Über die Gartenstraße, die die Nazis in Hindenburgstraße umgetauft hatten, und am Stadtgarten mit seinem großen Saal vorbei, in dem die NSDAP zu Zeiten der Weimarer Republik ihre Propagandaveranstaltungen abgehalten hatte, erreichte Erna Worms schließlich den Goetheplatz, an dem das Wohn- und Geschäftshaus ihrer Familie lag. Je näher sie dem Goetheplatz kam, desto deutlicher stieg ihr der Brandgeruch in die Nase. Die Flammen, die aus dem Hausdach züngelten, wurden durch einzelne Baulücken sichtbar. Erna Worms musste einen Augenblick stehenbleiben. Ihr Haus, alles, was sie und ihr Ehemann sich zusammen mit seinem Bruder und dessen Frau aufgebaut hatten, wurde in diesem Augenblick zerstört, ihre bürgerliche Existenz wurde gerade vernichtet.

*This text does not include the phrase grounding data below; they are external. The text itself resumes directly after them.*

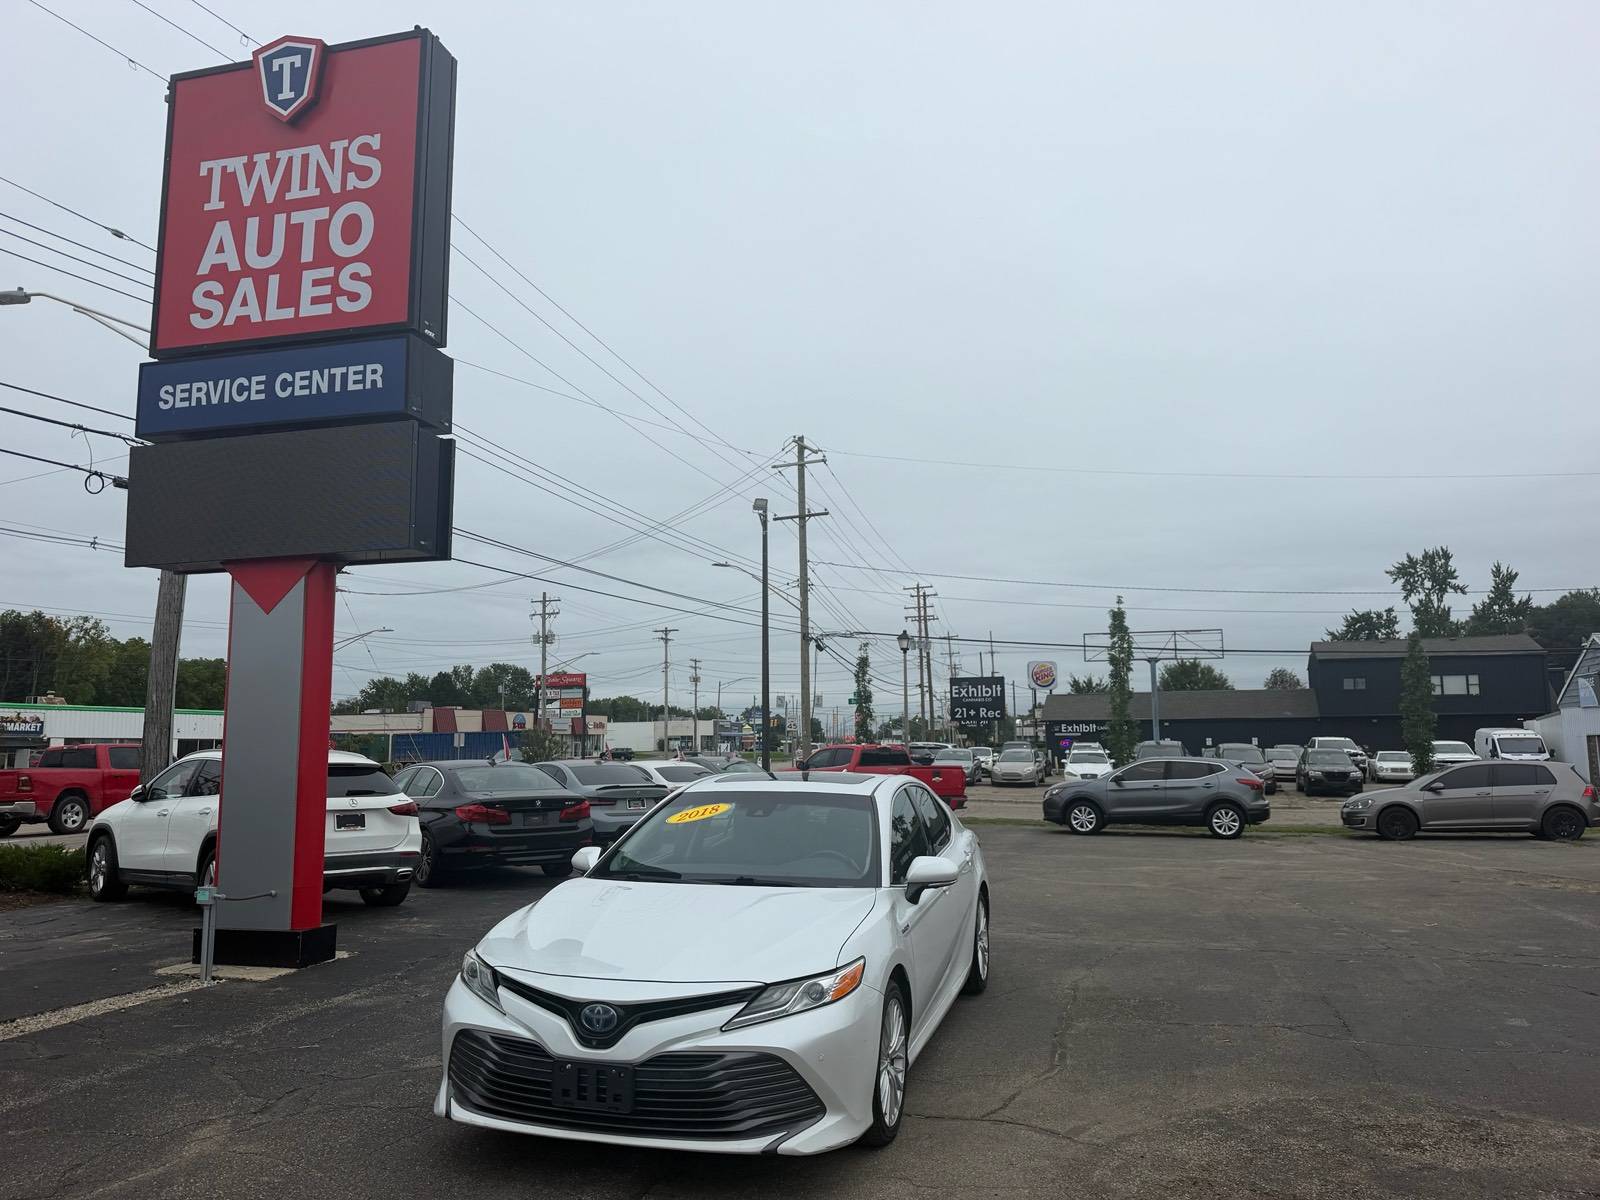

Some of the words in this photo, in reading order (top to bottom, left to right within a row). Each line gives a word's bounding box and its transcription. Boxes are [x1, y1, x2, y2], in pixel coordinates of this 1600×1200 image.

[271, 54, 301, 101] T
[199, 133, 382, 211] TWINS
[196, 201, 375, 275] AUTO
[189, 262, 373, 329] SALES
[158, 376, 266, 411] SERVICE
[274, 363, 384, 398] CENTER
[1035, 670, 1055, 682] KING
[951, 684, 1002, 698] Exhibit
[954, 707, 976, 718] 21+
[979, 707, 1001, 718] Rec
[787, 722, 798, 730] 45
[1061, 723, 1097, 733] Exhibit
[676, 804, 721, 822] 2018

Am Goetheplatz angekommen, sah sie, dass nicht mehr viel zu retten war. Uniformierte SA- und SS-Männer standen vor dem Haus, Schaulustige drängten sich auf dem Bürgersteig der gegenüberliegenden Straßenseite. Nur die große Hitze und die Anwesenheit der SS und der SA hielten sie davon ab, sich noch weiter dem Haus zu nähern.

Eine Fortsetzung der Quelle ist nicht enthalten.